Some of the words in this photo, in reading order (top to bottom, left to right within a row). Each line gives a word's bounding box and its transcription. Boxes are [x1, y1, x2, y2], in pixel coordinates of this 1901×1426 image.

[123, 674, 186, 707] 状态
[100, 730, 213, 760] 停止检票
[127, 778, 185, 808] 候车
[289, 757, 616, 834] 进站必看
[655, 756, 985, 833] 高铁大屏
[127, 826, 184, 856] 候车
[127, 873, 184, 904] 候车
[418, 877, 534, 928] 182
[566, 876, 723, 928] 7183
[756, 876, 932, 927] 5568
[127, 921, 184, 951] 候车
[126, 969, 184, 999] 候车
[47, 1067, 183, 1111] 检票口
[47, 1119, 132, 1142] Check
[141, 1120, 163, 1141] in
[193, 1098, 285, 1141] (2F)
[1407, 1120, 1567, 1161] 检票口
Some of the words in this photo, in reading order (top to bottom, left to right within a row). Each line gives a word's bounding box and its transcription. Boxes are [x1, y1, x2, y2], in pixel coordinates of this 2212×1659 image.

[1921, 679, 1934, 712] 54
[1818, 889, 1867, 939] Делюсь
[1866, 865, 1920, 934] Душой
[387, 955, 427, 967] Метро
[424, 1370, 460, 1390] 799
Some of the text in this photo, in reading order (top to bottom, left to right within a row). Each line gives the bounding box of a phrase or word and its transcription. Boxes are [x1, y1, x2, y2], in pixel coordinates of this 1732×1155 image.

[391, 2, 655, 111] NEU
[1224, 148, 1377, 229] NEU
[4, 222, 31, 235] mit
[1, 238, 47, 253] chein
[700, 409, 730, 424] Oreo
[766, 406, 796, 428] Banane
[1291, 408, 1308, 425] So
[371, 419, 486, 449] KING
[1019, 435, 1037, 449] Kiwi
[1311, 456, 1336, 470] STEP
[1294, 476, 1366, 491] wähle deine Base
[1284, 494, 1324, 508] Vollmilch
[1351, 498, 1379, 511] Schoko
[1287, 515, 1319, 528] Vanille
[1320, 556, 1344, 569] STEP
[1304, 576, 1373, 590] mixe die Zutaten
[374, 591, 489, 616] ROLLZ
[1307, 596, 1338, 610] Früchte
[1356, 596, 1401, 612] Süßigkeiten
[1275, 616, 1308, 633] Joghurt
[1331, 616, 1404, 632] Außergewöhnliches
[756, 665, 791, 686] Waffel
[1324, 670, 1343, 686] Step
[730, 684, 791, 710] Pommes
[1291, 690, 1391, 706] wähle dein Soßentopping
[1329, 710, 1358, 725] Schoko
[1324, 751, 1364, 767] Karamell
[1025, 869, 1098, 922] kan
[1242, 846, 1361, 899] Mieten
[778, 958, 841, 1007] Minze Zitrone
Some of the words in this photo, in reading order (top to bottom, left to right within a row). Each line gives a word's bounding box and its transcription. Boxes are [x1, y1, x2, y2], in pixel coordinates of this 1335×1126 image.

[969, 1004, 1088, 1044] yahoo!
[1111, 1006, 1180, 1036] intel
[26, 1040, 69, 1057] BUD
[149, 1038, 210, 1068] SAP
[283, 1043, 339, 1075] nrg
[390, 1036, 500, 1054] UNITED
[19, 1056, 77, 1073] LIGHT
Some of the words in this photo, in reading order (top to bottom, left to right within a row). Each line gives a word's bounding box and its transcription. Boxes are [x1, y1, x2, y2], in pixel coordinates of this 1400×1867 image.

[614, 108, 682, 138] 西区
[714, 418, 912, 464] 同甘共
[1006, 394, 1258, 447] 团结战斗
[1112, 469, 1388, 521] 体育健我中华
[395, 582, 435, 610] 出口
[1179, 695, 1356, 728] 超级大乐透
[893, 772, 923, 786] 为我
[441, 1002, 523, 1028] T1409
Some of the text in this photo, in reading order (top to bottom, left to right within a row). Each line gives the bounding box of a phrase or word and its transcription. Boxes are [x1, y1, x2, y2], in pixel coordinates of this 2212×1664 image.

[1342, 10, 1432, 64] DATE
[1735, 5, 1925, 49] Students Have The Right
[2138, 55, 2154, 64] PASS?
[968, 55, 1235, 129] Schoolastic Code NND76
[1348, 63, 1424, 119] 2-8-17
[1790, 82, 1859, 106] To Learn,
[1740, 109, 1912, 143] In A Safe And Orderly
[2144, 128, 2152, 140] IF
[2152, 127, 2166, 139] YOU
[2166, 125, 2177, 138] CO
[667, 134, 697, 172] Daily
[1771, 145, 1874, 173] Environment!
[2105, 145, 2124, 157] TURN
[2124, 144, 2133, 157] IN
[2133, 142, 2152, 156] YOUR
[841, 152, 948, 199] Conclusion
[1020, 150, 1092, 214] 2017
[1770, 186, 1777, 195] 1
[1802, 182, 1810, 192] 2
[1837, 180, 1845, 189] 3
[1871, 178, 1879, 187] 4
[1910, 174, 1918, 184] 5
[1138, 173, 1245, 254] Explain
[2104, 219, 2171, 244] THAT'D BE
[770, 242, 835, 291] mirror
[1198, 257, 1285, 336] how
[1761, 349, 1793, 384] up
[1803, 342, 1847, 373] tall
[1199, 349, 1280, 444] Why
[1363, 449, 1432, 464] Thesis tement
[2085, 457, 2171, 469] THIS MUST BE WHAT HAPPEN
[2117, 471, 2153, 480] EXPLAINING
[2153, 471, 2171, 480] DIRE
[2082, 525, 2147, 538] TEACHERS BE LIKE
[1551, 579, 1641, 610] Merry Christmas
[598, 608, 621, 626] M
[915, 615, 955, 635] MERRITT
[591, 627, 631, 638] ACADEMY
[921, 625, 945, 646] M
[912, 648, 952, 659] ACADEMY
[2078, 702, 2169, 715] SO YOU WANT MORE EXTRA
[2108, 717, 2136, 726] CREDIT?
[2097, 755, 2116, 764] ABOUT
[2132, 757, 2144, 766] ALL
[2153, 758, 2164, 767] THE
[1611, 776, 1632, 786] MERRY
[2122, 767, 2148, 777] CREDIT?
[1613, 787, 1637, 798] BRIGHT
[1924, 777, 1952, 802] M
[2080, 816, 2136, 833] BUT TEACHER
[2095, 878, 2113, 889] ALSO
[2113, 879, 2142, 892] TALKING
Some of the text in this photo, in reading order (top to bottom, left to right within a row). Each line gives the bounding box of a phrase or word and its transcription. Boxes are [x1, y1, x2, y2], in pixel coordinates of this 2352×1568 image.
----------------
• The problem
Quote the whole listing above, leaving nothing out.

• Exercise response
Some of the words in this photo, in reading order (top to bottom, left to right within a row). Each line gives a word's bounding box and its transcription. Boxes are [x1, y1, x2, y2], in pixel coordinates of this 1901×1426 image.

[123, 674, 186, 707] 状态
[100, 730, 213, 760] 停止检票
[127, 778, 185, 808] 候车
[289, 757, 616, 834] 进站必看
[655, 756, 985, 833] 高铁大屏
[127, 826, 184, 856] 候车
[127, 873, 184, 904] 候车
[418, 877, 534, 928] 182
[566, 876, 723, 928] 7183
[756, 876, 932, 927] 5568
[127, 921, 184, 951] 候车
[126, 969, 184, 999] 候车
[47, 1067, 183, 1111] 检票口
[47, 1119, 132, 1142] Check
[141, 1120, 163, 1141] in
[193, 1098, 285, 1141] (2F)
[1407, 1120, 1567, 1161] 检票口
Some of the words in this photo, in reading order (top to bottom, left to right within a row). Each line gives a word's bounding box and its transcription. Boxes are [x1, y1, x2, y2], in pixel coordinates of this 2212×1659 image.

[1921, 679, 1934, 712] 54
[1818, 889, 1867, 939] Делюсь
[1866, 865, 1920, 934] Душой
[387, 955, 427, 967] Метро
[424, 1370, 460, 1390] 799
Some of the text in this photo, in reading order (top to bottom, left to right within a row). Each line gives the bounding box of a phrase or word and its transcription. Boxes are [x1, y1, x2, y2], in pixel coordinates of this 1732×1155 image.

[391, 2, 655, 111] NEU
[1224, 148, 1377, 229] NEU
[4, 222, 31, 235] mit
[1, 238, 47, 253] chein
[700, 409, 730, 424] Oreo
[766, 406, 796, 428] Banane
[1291, 408, 1308, 425] So
[371, 419, 486, 449] KING
[1019, 435, 1037, 449] Kiwi
[1311, 456, 1336, 470] STEP
[1294, 476, 1366, 491] wähle deine Base
[1284, 494, 1324, 508] Vollmilch
[1351, 498, 1379, 511] Schoko
[1287, 515, 1319, 528] Vanille
[1320, 556, 1344, 569] STEP
[1304, 576, 1373, 590] mixe die Zutaten
[374, 591, 489, 616] ROLLZ
[1307, 596, 1338, 610] Früchte
[1356, 596, 1401, 612] Süßigkeiten
[1275, 616, 1308, 633] Joghurt
[1331, 616, 1404, 632] Außergewöhnliches
[756, 665, 791, 686] Waffel
[1324, 670, 1343, 686] Step
[730, 684, 791, 710] Pommes
[1291, 690, 1391, 706] wähle dein Soßentopping
[1329, 710, 1358, 725] Schoko
[1324, 751, 1364, 767] Karamell
[1025, 869, 1098, 922] kan
[1242, 846, 1361, 899] Mieten
[778, 958, 841, 1007] Minze Zitrone
Some of the words in this photo, in reading order (top to bottom, left to right within a row). Each line gives a word's bounding box and its transcription. Boxes are [x1, y1, x2, y2], in pixel coordinates of this 1335×1126 image.

[969, 1004, 1088, 1044] yahoo!
[1111, 1006, 1180, 1036] intel
[26, 1040, 69, 1057] BUD
[149, 1038, 210, 1068] SAP
[283, 1043, 339, 1075] nrg
[390, 1036, 500, 1054] UNITED
[19, 1056, 77, 1073] LIGHT
Some of the words in this photo, in reading order (top to bottom, left to right within a row). Each line gives a word's bounding box and its transcription. Boxes are [x1, y1, x2, y2], in pixel coordinates of this 1400×1867 image.

[614, 108, 682, 138] 西区
[714, 418, 912, 464] 同甘共
[1006, 394, 1258, 447] 团结战斗
[1112, 469, 1388, 521] 体育健我中华
[395, 582, 435, 610] 出口
[1179, 695, 1356, 728] 超级大乐透
[893, 772, 923, 786] 为我
[441, 1002, 523, 1028] T1409
Some of the text in this photo, in reading order (top to bottom, left to right within a row). Each line gives the bounding box of a phrase or word and its transcription. Boxes are [x1, y1, x2, y2], in pixel coordinates of this 2212×1664 image.

[1342, 10, 1432, 64] DATE
[1735, 5, 1925, 49] Students Have The Right
[2138, 55, 2154, 64] PASS?
[968, 55, 1235, 129] Schoolastic Code NND76
[1348, 63, 1424, 119] 2-8-17
[1790, 82, 1859, 106] To Learn,
[1740, 109, 1912, 143] In A Safe And Orderly
[2144, 128, 2152, 140] IF
[2152, 127, 2166, 139] YOU
[2166, 125, 2177, 138] CO
[667, 134, 697, 172] Daily
[1771, 145, 1874, 173] Environment!
[2105, 145, 2124, 157] TURN
[2124, 144, 2133, 157] IN
[2133, 142, 2152, 156] YOUR
[841, 152, 948, 199] Conclusion
[1020, 150, 1092, 214] 2017
[1770, 186, 1777, 195] 1
[1802, 182, 1810, 192] 2
[1837, 180, 1845, 189] 3
[1871, 178, 1879, 187] 4
[1910, 174, 1918, 184] 5
[1138, 173, 1245, 254] Explain
[2104, 219, 2171, 244] THAT'D BE
[770, 242, 835, 291] mirror
[1198, 257, 1285, 336] how
[1761, 349, 1793, 384] up
[1803, 342, 1847, 373] tall
[1199, 349, 1280, 444] Why
[1363, 449, 1432, 464] Thesis tement
[2085, 457, 2171, 469] THIS MUST BE WHAT HAPPEN
[2117, 471, 2153, 480] EXPLAINING
[2153, 471, 2171, 480] DIRE
[2082, 525, 2147, 538] TEACHERS BE LIKE
[1551, 579, 1641, 610] Merry Christmas
[598, 608, 621, 626] M
[915, 615, 955, 635] MERRITT
[591, 627, 631, 638] ACADEMY
[921, 625, 945, 646] M
[912, 648, 952, 659] ACADEMY
[2078, 702, 2169, 715] SO YOU WANT MORE EXTRA
[2108, 717, 2136, 726] CREDIT?
[2097, 755, 2116, 764] ABOUT
[2132, 757, 2144, 766] ALL
[2153, 758, 2164, 767] THE
[1611, 776, 1632, 786] MERRY
[2122, 767, 2148, 777] CREDIT?
[1613, 787, 1637, 798] BRIGHT
[1924, 777, 1952, 802] M
[2080, 816, 2136, 833] BUT TEACHER
[2095, 878, 2113, 889] ALSO
[2113, 879, 2142, 892] TALKING
Some of the text in this photo, in reading order (top to bottom, left to right within a row). Each line gives the bounding box of a phrase or word and its transcription. Boxes are [x1, y1, x2, y2], in pixel coordinates of this 2352×1568 image.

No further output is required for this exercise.